The question of whether similar diversified niches supporting stem cells exist in normal bone marrow remained open until research by Xunlei Kang, MD, PhD, shed light on this topic. Dr. Kang independently discovered the existence of two niches in the adult leukemic bone marrow.2 His study highlighted the influence of the tumor microenvironment on the survival of LSCs. Through the deletion of Cxcl12 induced by N-cad-CreER in the stem cell niche, LSCs initially confined in the trabecular bone area — where they were shielded from apoptosis — relocated to the central marrow (CM) covered by compact bone. In this new location, they exhibited heightened proliferation but were more susceptible to apoptosis. Remarkably, this LSC relocation translated into improved survival rates in mice harboring LSCs in the CM when compared with those that had LSCs in the trabecular bone area, truly exemplifying the adage of “location, location, location.’ 

These discoveries not only enrich our comprehension of stem cell biology but also serve as a stimulating catalyst for deeper exploration. The imminent application of this knowledge holds promise for our patients by aiding in the development of therapeutic techniques that can overcome resistance mechanisms, targeting the core vulnerabilities of hematologic cancers. 

The influence of the tumor microenvironment extends beyond leukemia; It has also been a subject of exploration in lymphomas, as elucidated in yesterday’s session, Lymphomas: Translational – Non-Genetic: Illuminating the Tumor Microenvironment and Immune Landscape in Lymphoma. 

For those eager to delve further, we recommend reviewing Single Cell Omics and High-Resolution Imaging to Unravel the Role of the Niche in Stress and Ageing Hematopoiesis, part of yesterday’s Scientific Program. This program spotlighted the utilization of single-cell omics and various newly developed imaging technologies, fundamentally shedding light on the role of the bone marrow niche during inflammation and aging. 
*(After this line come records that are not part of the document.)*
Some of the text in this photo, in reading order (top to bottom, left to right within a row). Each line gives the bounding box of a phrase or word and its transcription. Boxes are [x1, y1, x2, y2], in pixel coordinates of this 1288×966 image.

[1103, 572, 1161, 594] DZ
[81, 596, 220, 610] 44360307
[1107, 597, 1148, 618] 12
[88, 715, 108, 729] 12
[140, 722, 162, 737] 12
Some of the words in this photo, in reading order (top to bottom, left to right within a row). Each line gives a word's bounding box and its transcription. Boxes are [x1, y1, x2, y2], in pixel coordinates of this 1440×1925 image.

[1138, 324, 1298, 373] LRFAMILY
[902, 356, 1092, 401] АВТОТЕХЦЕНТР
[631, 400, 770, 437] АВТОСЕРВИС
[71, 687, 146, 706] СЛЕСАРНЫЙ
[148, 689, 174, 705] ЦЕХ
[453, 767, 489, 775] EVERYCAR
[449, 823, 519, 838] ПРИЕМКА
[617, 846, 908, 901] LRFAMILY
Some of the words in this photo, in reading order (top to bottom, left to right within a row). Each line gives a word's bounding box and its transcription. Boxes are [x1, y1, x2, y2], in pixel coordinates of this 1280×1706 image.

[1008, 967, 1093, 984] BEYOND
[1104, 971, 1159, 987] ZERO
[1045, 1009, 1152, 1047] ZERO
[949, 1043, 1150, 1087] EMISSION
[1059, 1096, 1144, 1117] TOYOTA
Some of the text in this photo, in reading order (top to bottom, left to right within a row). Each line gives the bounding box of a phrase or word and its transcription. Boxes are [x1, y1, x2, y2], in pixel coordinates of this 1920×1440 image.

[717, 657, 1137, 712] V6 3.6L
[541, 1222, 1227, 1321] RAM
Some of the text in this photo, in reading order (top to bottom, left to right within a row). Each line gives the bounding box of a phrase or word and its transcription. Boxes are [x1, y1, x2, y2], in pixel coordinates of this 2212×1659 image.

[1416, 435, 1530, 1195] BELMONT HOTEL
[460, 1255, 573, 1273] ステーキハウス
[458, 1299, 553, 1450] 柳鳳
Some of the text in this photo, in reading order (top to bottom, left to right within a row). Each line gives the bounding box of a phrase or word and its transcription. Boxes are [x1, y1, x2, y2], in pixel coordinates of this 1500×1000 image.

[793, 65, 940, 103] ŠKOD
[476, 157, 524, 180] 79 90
In conclusion, the above-mentioned sessions collectively help crack the cancer code through a closer examination of the evidence at the “scene of the crime” (i.e., the bone marrow niche), as well as the suspects and accomplices (code-named stem cells), bringing us one step closer to unlocking the mystery of cancer stem cells and associated hematologic neoplasms.  

References 

1 Lin, TL, Perry, JM, He, X., et al, L., 2017. Treatment with low-dose daunorubicin reduces the number of leukemia stem cells in patients with relapsed/refractory acute myeloid leukemia. Blood. 2017:130, p.1336. 

2 Wang, C., Nistala, R., Cao, M., et al. Dipeptidylpeptidase 4 promotes survival and stemness of acute myeloid leukemia stem cells. Cell Reports. 2023:42(2). 

Drs. Rafae and Al Hadidi indicated no relevant conflicts of interest.